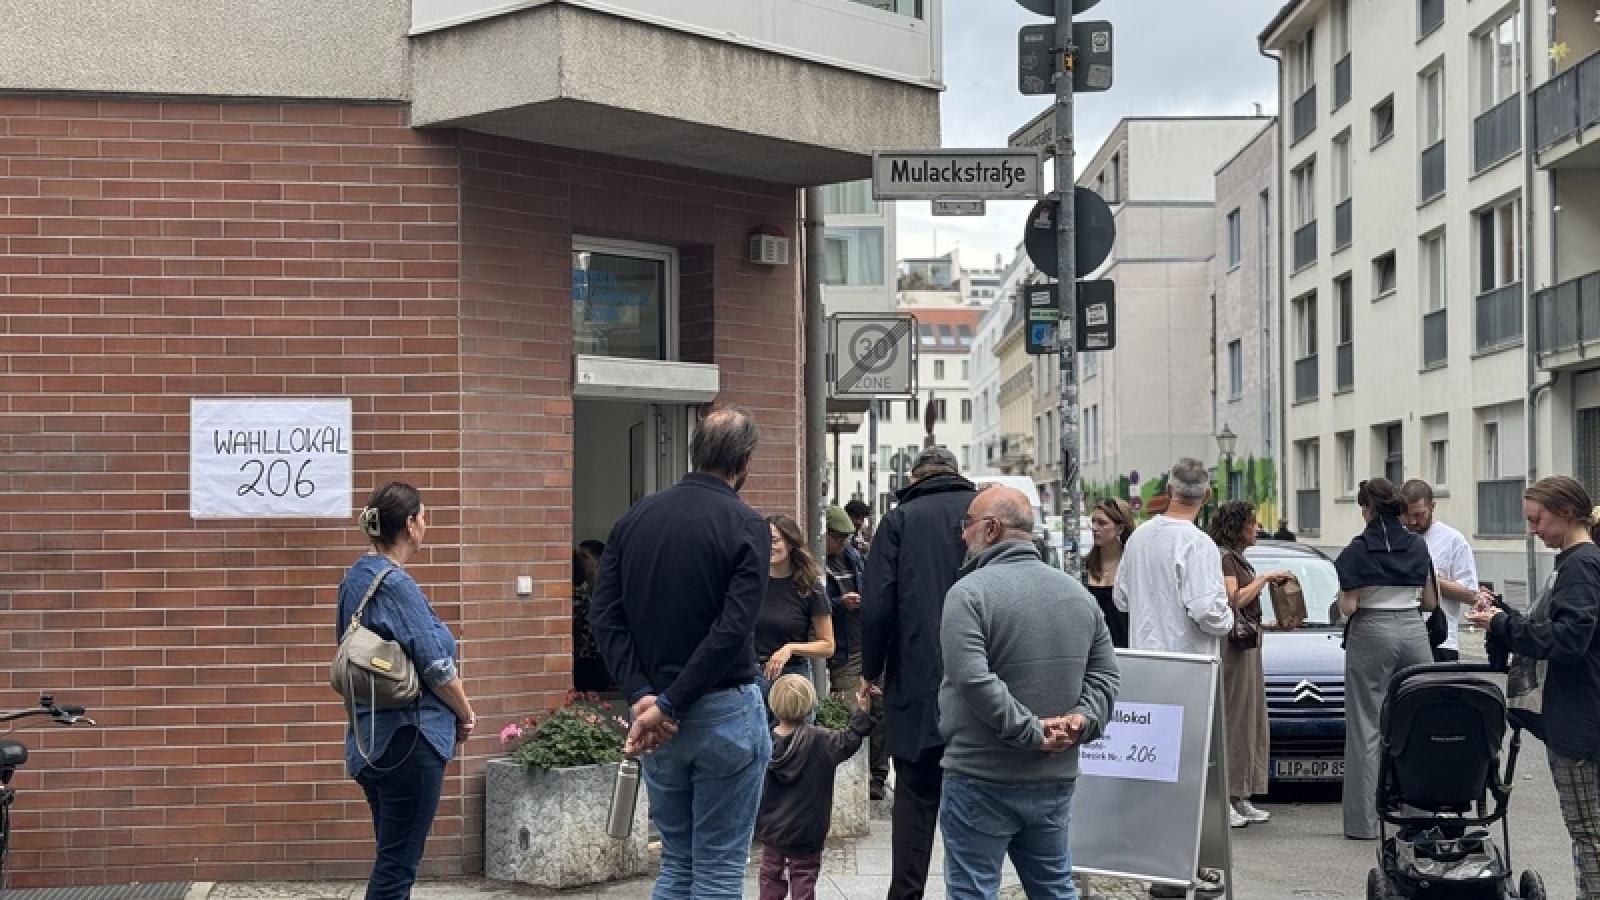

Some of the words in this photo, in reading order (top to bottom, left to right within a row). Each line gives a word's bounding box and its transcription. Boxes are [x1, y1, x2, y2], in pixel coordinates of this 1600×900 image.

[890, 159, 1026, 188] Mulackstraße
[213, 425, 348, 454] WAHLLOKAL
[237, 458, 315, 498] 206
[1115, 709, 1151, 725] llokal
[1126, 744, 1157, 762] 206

[Goal of the exercise] Would you please copy the listing exactly, omitting every picture?

[Solution to this exercise]
Some of the words in this photo, in reading order (top to bottom, left to right within a row). Each line gives a word's bounding box and its transcription. Boxes are [x1, y1, x2, y2], in pixel coordinates of this 1600×900 image.

[890, 159, 1026, 188] Mulackstraße
[213, 425, 348, 454] WAHLLOKAL
[237, 458, 315, 498] 206
[1115, 709, 1151, 725] llokal
[1126, 744, 1157, 762] 206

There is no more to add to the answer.